The Fraunhofer ILT‘s absolute measuring devices can be equipped with independent measuring heads for up to four measuring points. In a time-division multiplexing process, the usable measuring frequency of, for example, 80 kHz (»bd-1«) is divided into two measuring points with 40 kHz each (»bd-2«) or into four measuring points with 20 kHz each (»bd-4«). In addition to the equal splitting of the measuring frequencies, asymmetrical splitting is also possible, such as 90 percent of the measurements at measuring point 1 and 10 percent at measuring point 2. For sensor arrangements requiring several measuring points, this splitting significantly reduces the total costs – by about two thirds.
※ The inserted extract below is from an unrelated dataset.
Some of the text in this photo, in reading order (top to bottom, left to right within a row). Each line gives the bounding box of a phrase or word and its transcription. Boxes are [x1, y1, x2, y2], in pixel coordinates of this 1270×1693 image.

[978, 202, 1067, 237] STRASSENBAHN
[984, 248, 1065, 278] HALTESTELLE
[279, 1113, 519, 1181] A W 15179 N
Available light sources and wavelengths The measuring wavelength most commonly used by Fraunhofer ILT for absolute measurements is 850 nm since the corresponding radiation can be detected with inexpensive CCD or CMOS sensors. In addition to measuring distance to surfaces, this wavelength can also be used for layer thickness and for tomography measurements on transparent objects such as glasses and plastics.
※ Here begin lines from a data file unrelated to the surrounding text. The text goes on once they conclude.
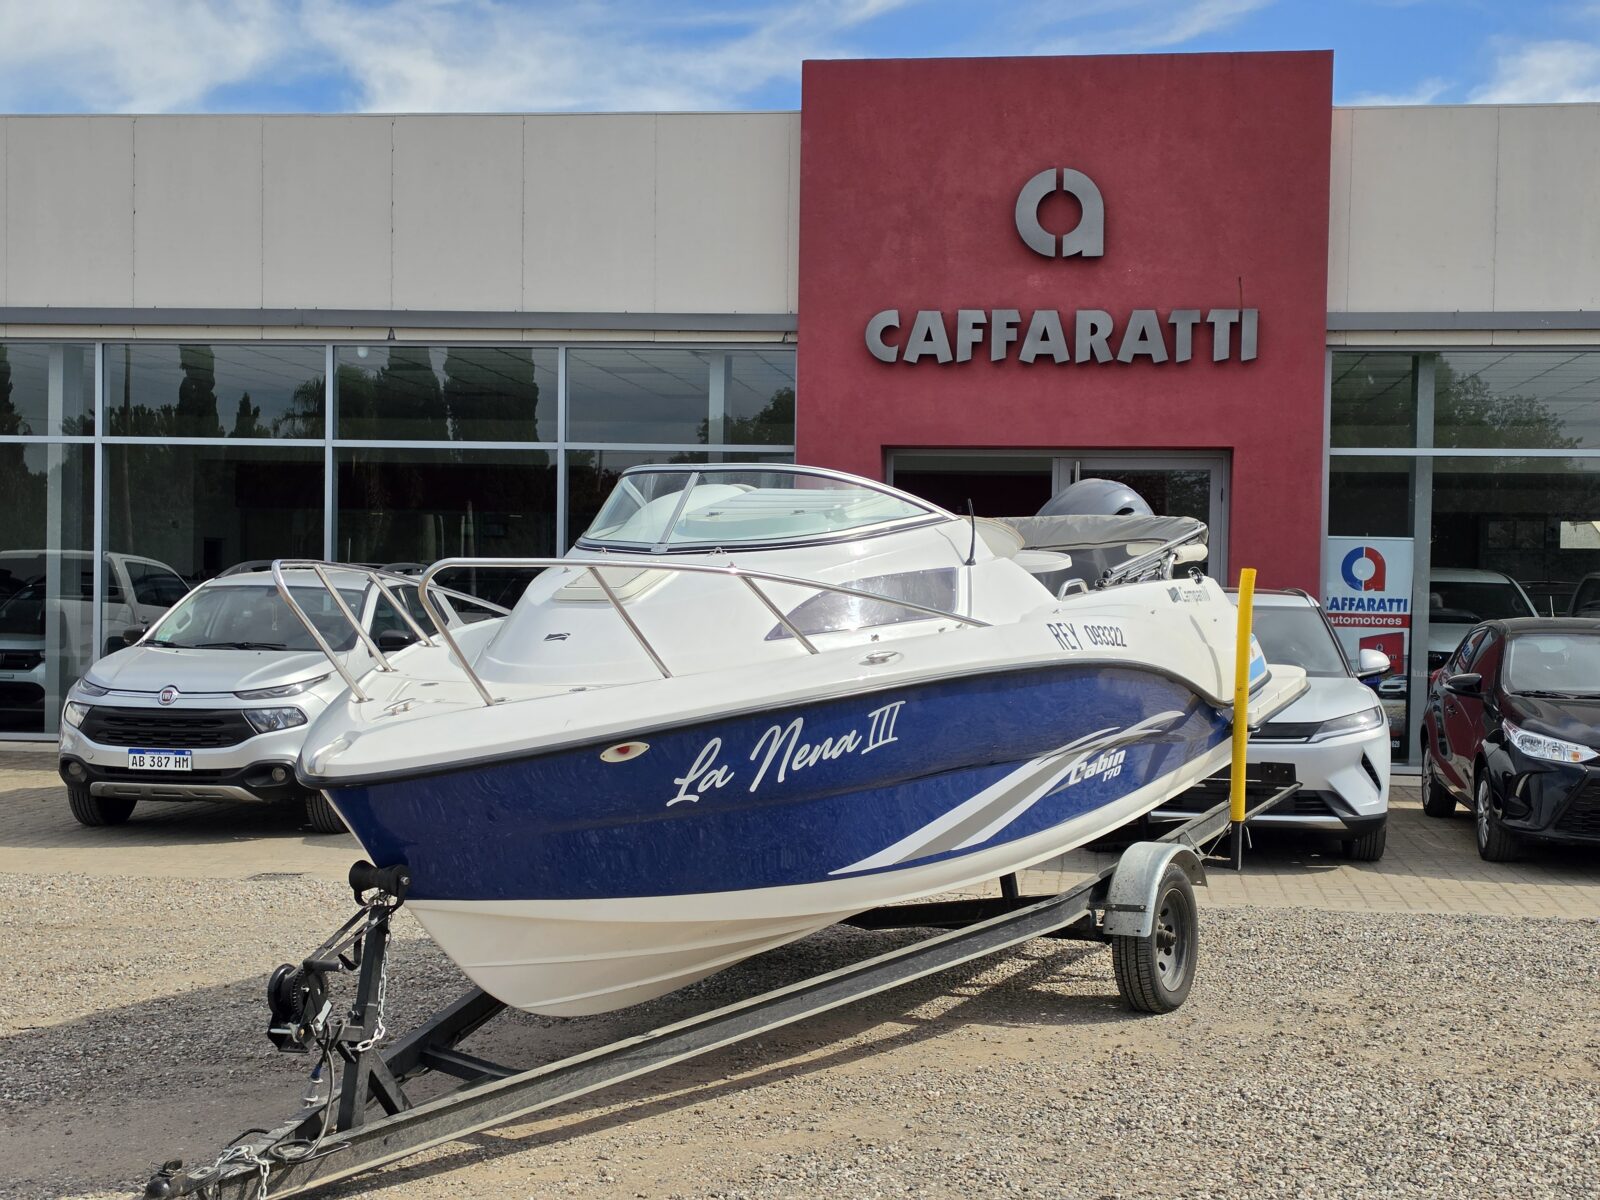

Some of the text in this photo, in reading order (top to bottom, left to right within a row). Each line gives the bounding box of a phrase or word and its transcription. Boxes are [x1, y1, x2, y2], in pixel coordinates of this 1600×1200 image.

[865, 309, 1259, 364] CAFFARATTI
[1327, 596, 1408, 612] AFFARATTI
[1046, 622, 1127, 650] REY 093322
[131, 755, 189, 769] AB 387 HM
[666, 700, 906, 807] La Nena III
[1068, 748, 1126, 785] Cabin
[1102, 764, 1122, 782] 170
Furthermore, sensors with measuring wavelengths of 1064 nm and 1550 nm have been developed to meet application-specific requirements. For these wavelengths, however, comparatively expensive InGaAs sensors are needed to detect the measuring radiation.
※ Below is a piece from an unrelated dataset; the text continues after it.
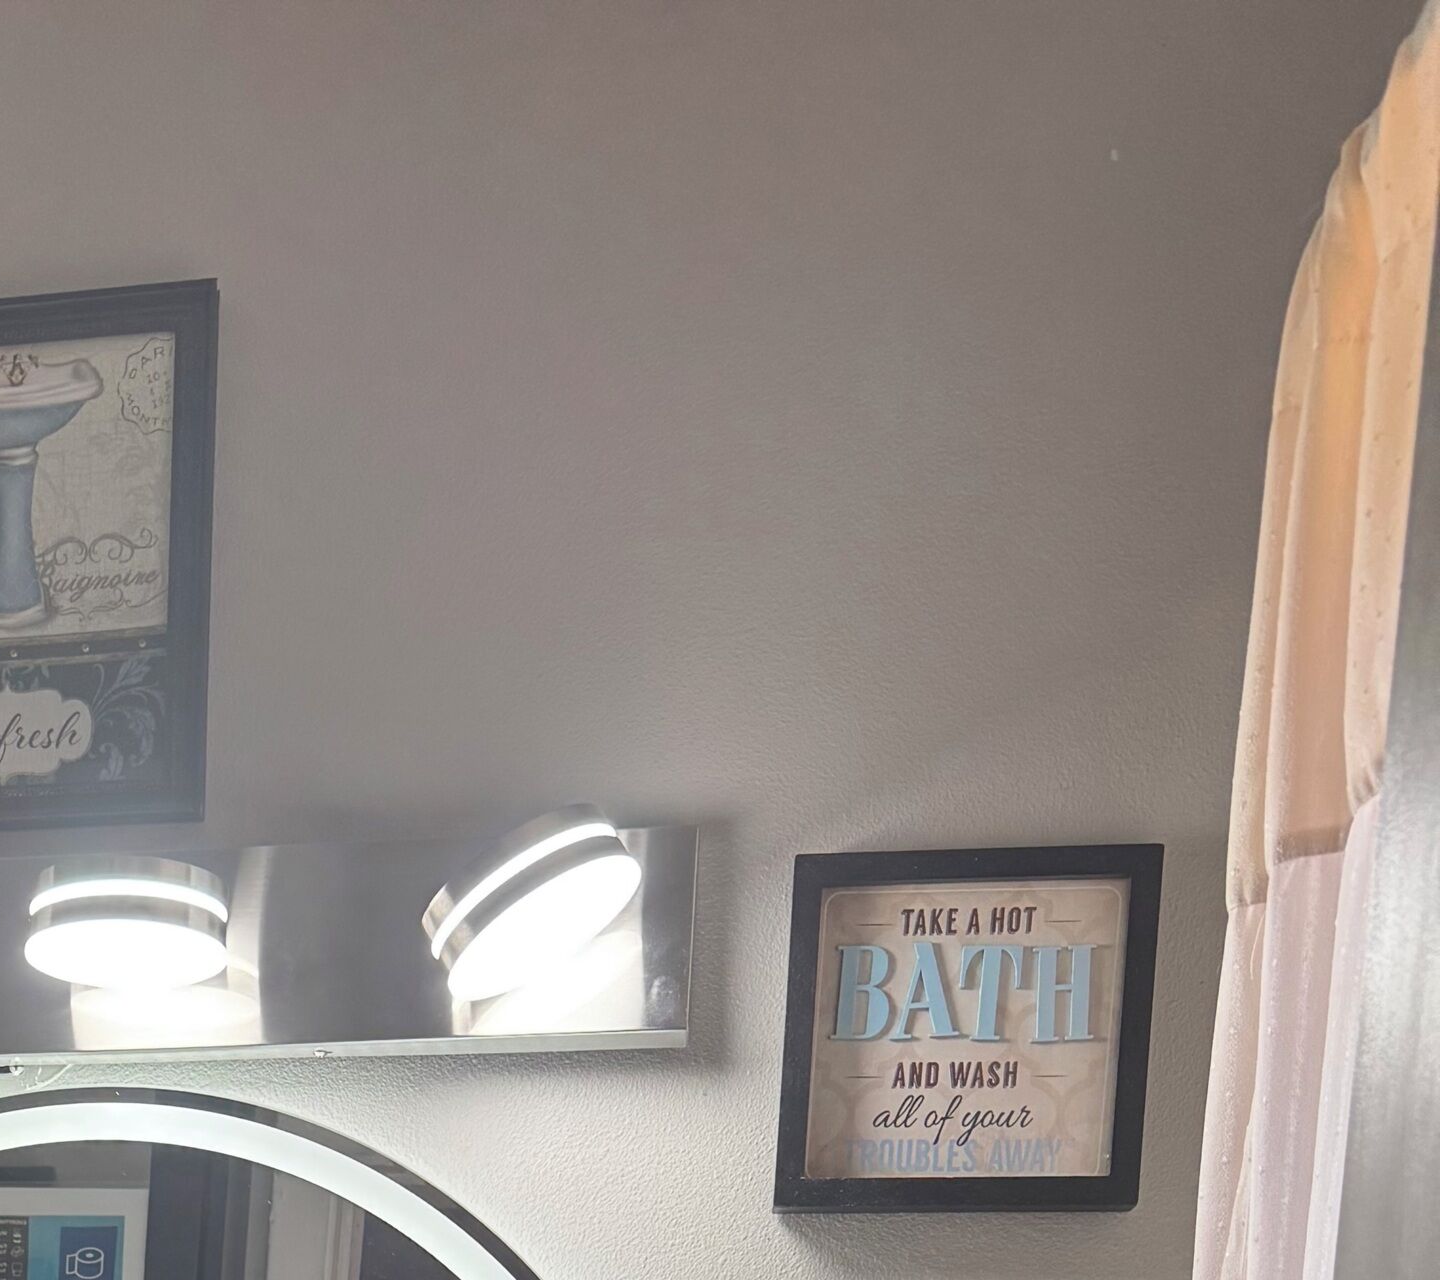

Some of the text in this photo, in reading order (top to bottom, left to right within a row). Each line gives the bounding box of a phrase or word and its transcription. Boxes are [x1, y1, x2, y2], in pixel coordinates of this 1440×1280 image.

Quantum light sources for the generation of entangled photon pairs are also the subject of research and development at Fraunhofer ILT. Here, photons in the mid-infrared (MIR) are generated to scan objects to be measured, and then transfer their measurement information to entangled photons in the easily detectable visible (VIS) or near-infrared (NIR) wavelength range. This makes the MIR wavelength range from 2 μm to 10 μm accessible to production measurement technology for the first time. Long-wavelength measurement radiation is advantageous, for example, for coating thickness and tomography measurements on objects such as ceramics, colored plastics or foams. These scatter strongly in the VIS and NIR range, but show almost no scattering in the MIR range so that greater optical penetration depths can be achieved.

Real-time data processing

The developments of Fraunhofer ILT are geared to demanding tasks in production metrology which, in addition to fast, robust opto-mechanical arrangements, include above all reliable and uninterrupted data processing. Using measurement frequencies of 80 kHz and PC-based block-by-block processing, this system has latency times of 20 ms and is primarily used for quality assurance. FPGA-based electronics have been developed for controlling fast machining and manufacturing processes in 24/7 use, enabling measurement data processing at 80 kHz and output of a control signal with a latency of only 150 μs.

What we offer

In the field of absolute measuring interferometric sensors, Fraunhofer ILT offers its partners studies, projects for prototype development, small series production and the subsequent transfer of manufacturing documents to licensees. New fields of application for the sensors are being developed within the framework of publicly funded R&D projects.